= ASSIGNMENT =
Transcribe all the entries word for word, skipping the pictures.

= DATA EXTRACTS =
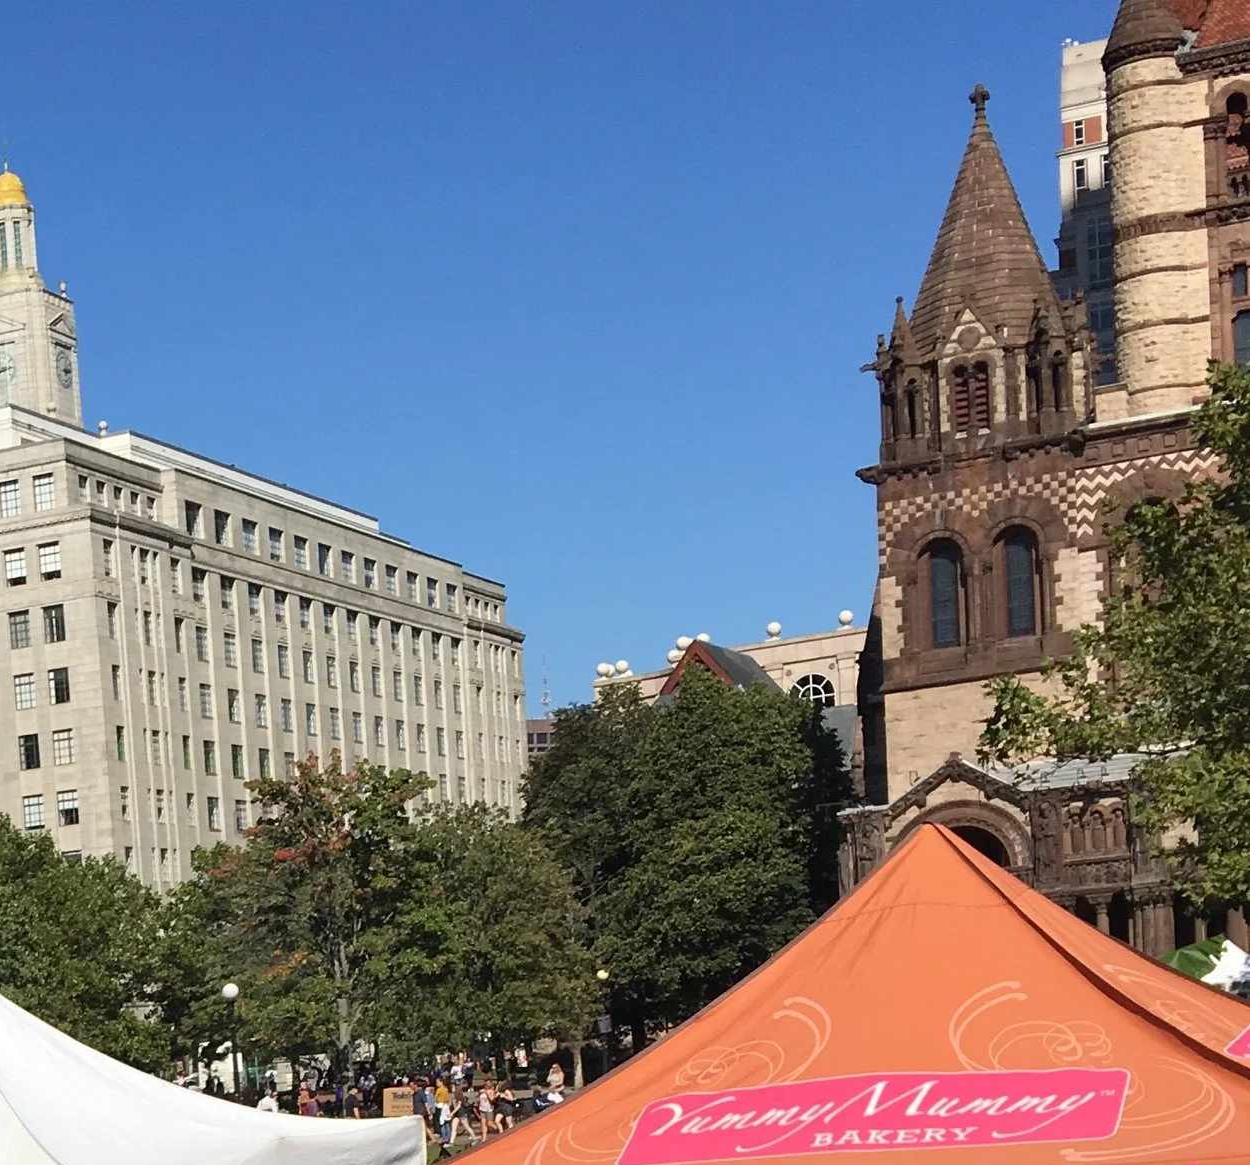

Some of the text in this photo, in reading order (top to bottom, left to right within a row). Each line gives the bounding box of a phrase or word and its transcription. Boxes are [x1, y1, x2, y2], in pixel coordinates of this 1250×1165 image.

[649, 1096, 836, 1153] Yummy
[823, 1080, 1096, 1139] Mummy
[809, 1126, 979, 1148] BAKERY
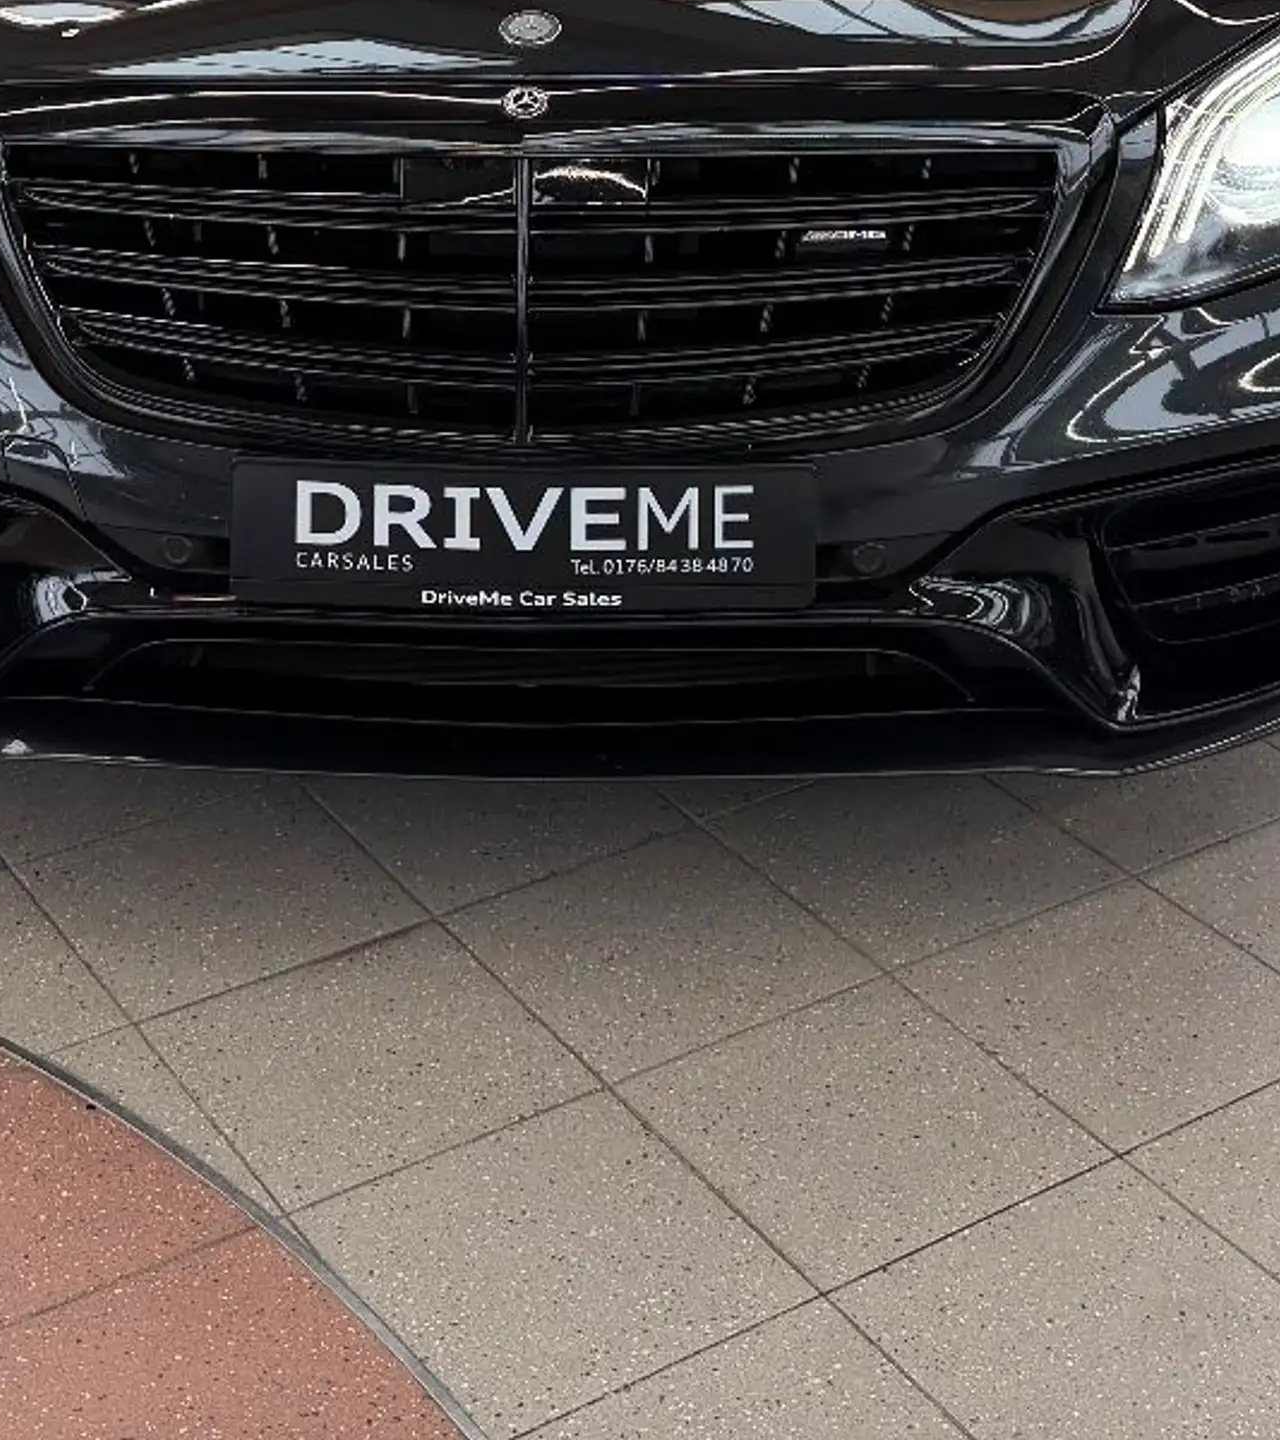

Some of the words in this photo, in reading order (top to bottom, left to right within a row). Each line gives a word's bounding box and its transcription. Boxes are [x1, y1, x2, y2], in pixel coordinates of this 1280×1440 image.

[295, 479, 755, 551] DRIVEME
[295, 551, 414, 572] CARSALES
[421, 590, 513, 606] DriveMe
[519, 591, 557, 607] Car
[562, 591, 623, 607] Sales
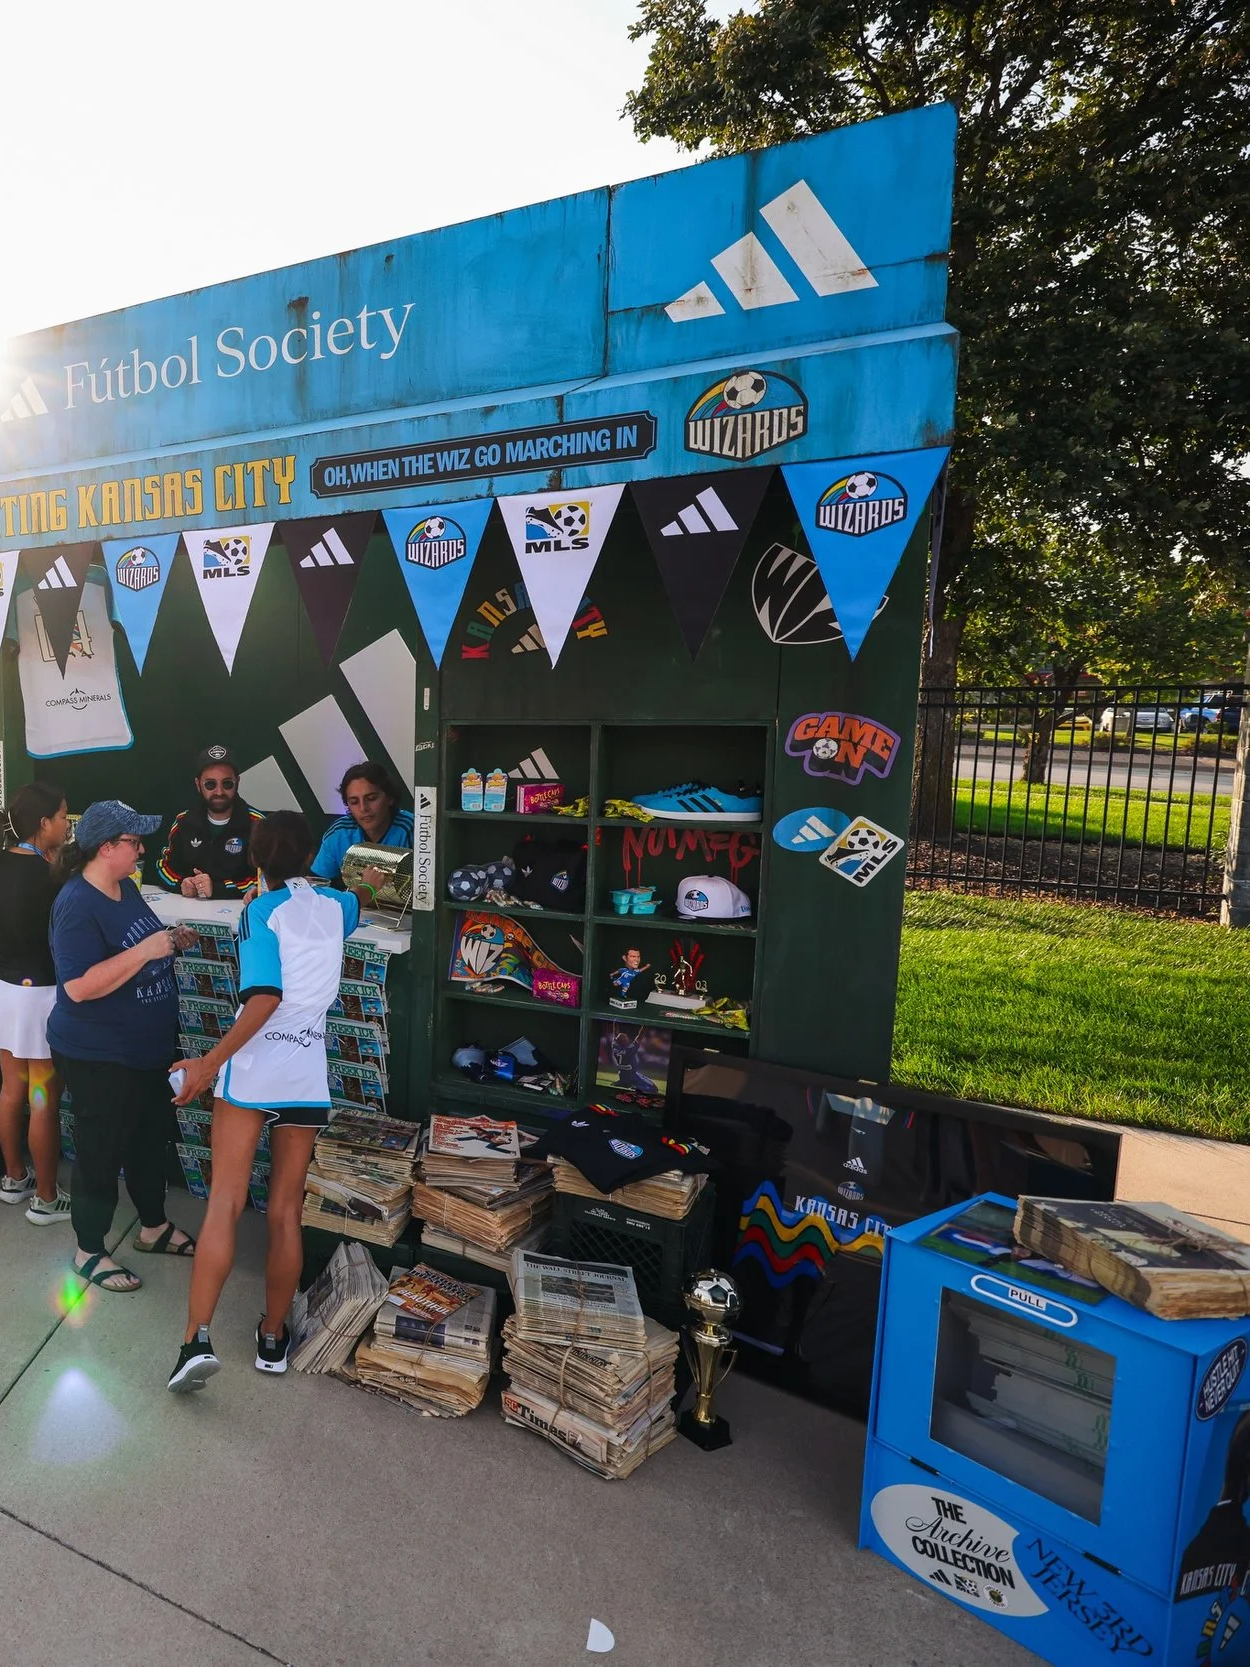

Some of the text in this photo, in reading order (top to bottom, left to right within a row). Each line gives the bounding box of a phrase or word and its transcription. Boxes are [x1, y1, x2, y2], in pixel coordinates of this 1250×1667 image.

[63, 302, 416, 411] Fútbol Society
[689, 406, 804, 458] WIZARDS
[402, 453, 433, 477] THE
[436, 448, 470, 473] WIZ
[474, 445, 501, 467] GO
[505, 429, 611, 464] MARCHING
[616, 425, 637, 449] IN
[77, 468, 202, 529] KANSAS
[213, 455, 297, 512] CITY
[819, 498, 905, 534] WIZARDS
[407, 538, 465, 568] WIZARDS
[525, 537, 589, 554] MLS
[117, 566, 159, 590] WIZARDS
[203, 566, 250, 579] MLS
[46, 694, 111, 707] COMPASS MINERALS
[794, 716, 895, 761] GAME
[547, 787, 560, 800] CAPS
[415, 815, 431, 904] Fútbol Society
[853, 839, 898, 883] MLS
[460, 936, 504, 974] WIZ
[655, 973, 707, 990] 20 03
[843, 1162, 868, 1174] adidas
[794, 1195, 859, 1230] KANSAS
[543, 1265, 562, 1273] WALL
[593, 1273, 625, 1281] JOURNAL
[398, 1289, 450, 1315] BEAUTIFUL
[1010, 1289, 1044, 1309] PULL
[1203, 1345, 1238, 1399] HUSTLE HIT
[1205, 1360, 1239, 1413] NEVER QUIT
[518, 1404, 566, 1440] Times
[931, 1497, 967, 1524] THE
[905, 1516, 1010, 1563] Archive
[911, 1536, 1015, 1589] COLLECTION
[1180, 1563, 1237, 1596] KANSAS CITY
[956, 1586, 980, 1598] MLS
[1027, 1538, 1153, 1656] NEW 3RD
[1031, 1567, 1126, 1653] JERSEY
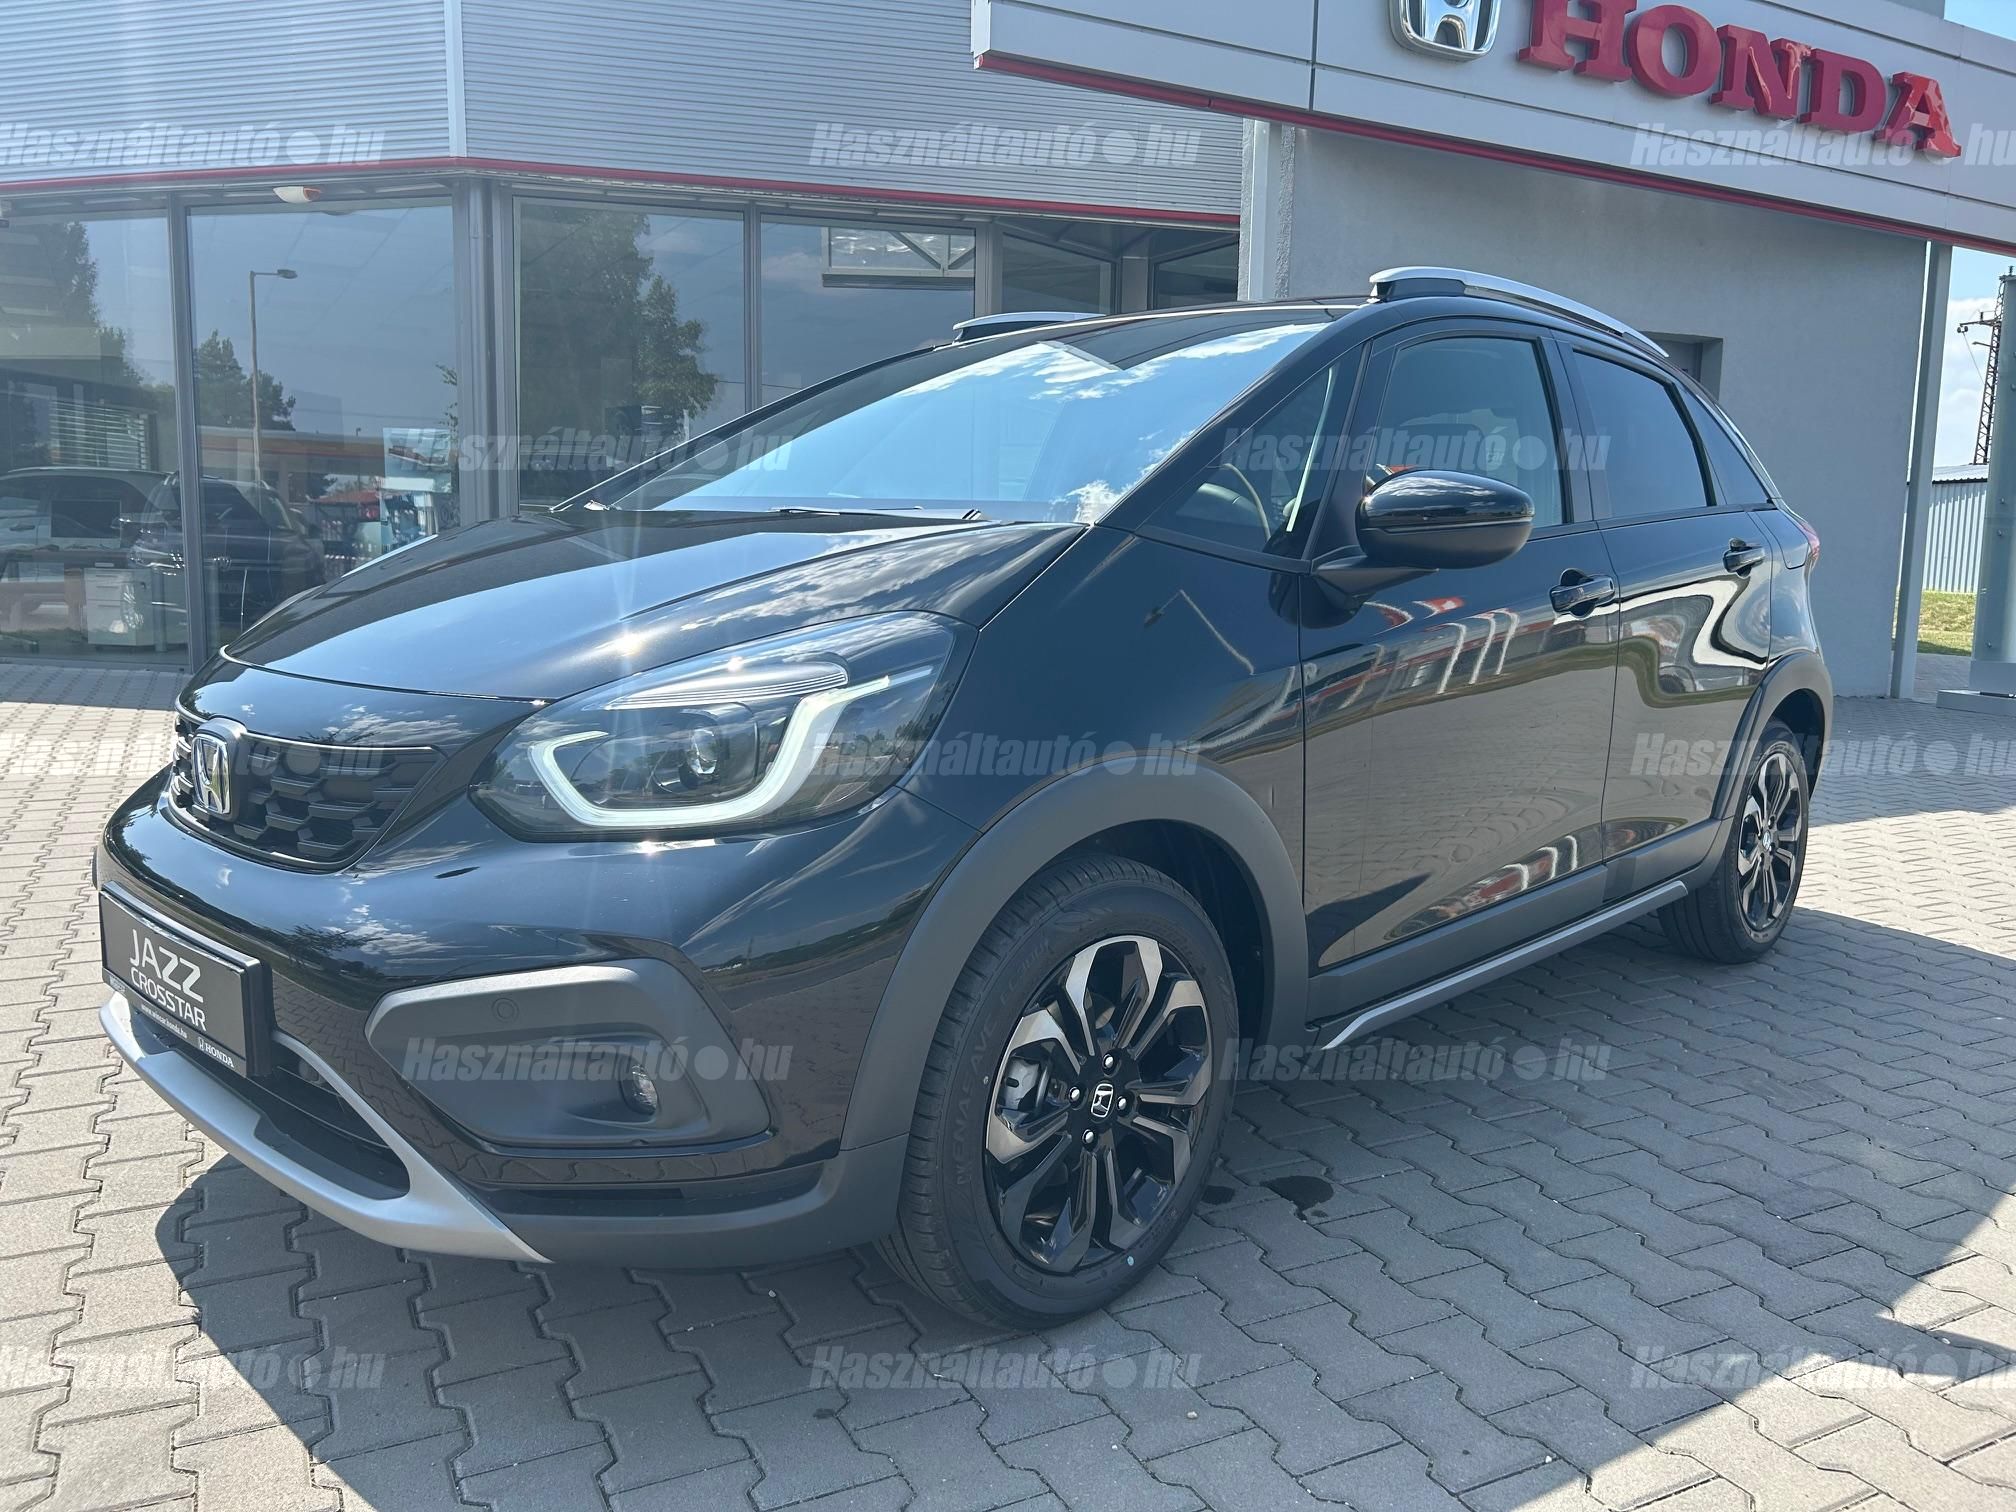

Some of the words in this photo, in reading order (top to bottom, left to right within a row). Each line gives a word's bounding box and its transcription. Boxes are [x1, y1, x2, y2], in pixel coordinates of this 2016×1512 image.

= ANSWER BOX =
Some of the text in this photo, in reading order (top to bottom, left to right within a row). Each line gives the bounding box of a phrase or word and its transcription. Boxes are [x1, y1, x2, y2], in pixel coordinates of this 1250×1165 image.

[649, 1096, 836, 1153] Yummy
[823, 1080, 1096, 1139] Mummy
[809, 1126, 979, 1148] BAKERY

Some of the words in this photo, in reading order (top to bottom, left to right within a row). Each line gives a word's bounding box and its transcription. Boxes are [x1, y1, x2, y2], in pixel coordinates of this 1280×1440 image.

[295, 479, 755, 551] DRIVEME
[295, 551, 414, 572] CARSALES
[421, 590, 513, 606] DriveMe
[519, 591, 557, 607] Car
[562, 591, 623, 607] Sales

Some of the text in this photo, in reading order (top to bottom, left to right within a row). Each line gives the bounding box of a phrase or word and its transcription. Boxes are [x1, y1, x2, y2], in pixel coordinates of this 1250×1667 image.

[63, 302, 416, 411] Fútbol Society
[689, 406, 804, 458] WIZARDS
[402, 453, 433, 477] THE
[436, 448, 470, 473] WIZ
[474, 445, 501, 467] GO
[505, 429, 611, 464] MARCHING
[616, 425, 637, 449] IN
[77, 468, 202, 529] KANSAS
[213, 455, 297, 512] CITY
[819, 498, 905, 534] WIZARDS
[407, 538, 465, 568] WIZARDS
[525, 537, 589, 554] MLS
[117, 566, 159, 590] WIZARDS
[203, 566, 250, 579] MLS
[46, 694, 111, 707] COMPASS MINERALS
[794, 716, 895, 761] GAME
[547, 787, 560, 800] CAPS
[415, 815, 431, 904] Fútbol Society
[853, 839, 898, 883] MLS
[460, 936, 504, 974] WIZ
[655, 973, 707, 990] 20 03
[843, 1162, 868, 1174] adidas
[794, 1195, 859, 1230] KANSAS
[543, 1265, 562, 1273] WALL
[593, 1273, 625, 1281] JOURNAL
[398, 1289, 450, 1315] BEAUTIFUL
[1010, 1289, 1044, 1309] PULL
[1203, 1345, 1238, 1399] HUSTLE HIT
[1205, 1360, 1239, 1413] NEVER QUIT
[518, 1404, 566, 1440] Times
[931, 1497, 967, 1524] THE
[905, 1516, 1010, 1563] Archive
[911, 1536, 1015, 1589] COLLECTION
[1180, 1563, 1237, 1596] KANSAS CITY
[956, 1586, 980, 1598] MLS
[1027, 1538, 1153, 1656] NEW 3RD
[1031, 1567, 1126, 1653] JERSEY

Some of the words in this photo, in reading order (top to bottom, left to right within a row). Each line gives a word's bounding box and its transcription. Boxes are [x1, y1, x2, y2], in pixel coordinates of this 2016×1512 image.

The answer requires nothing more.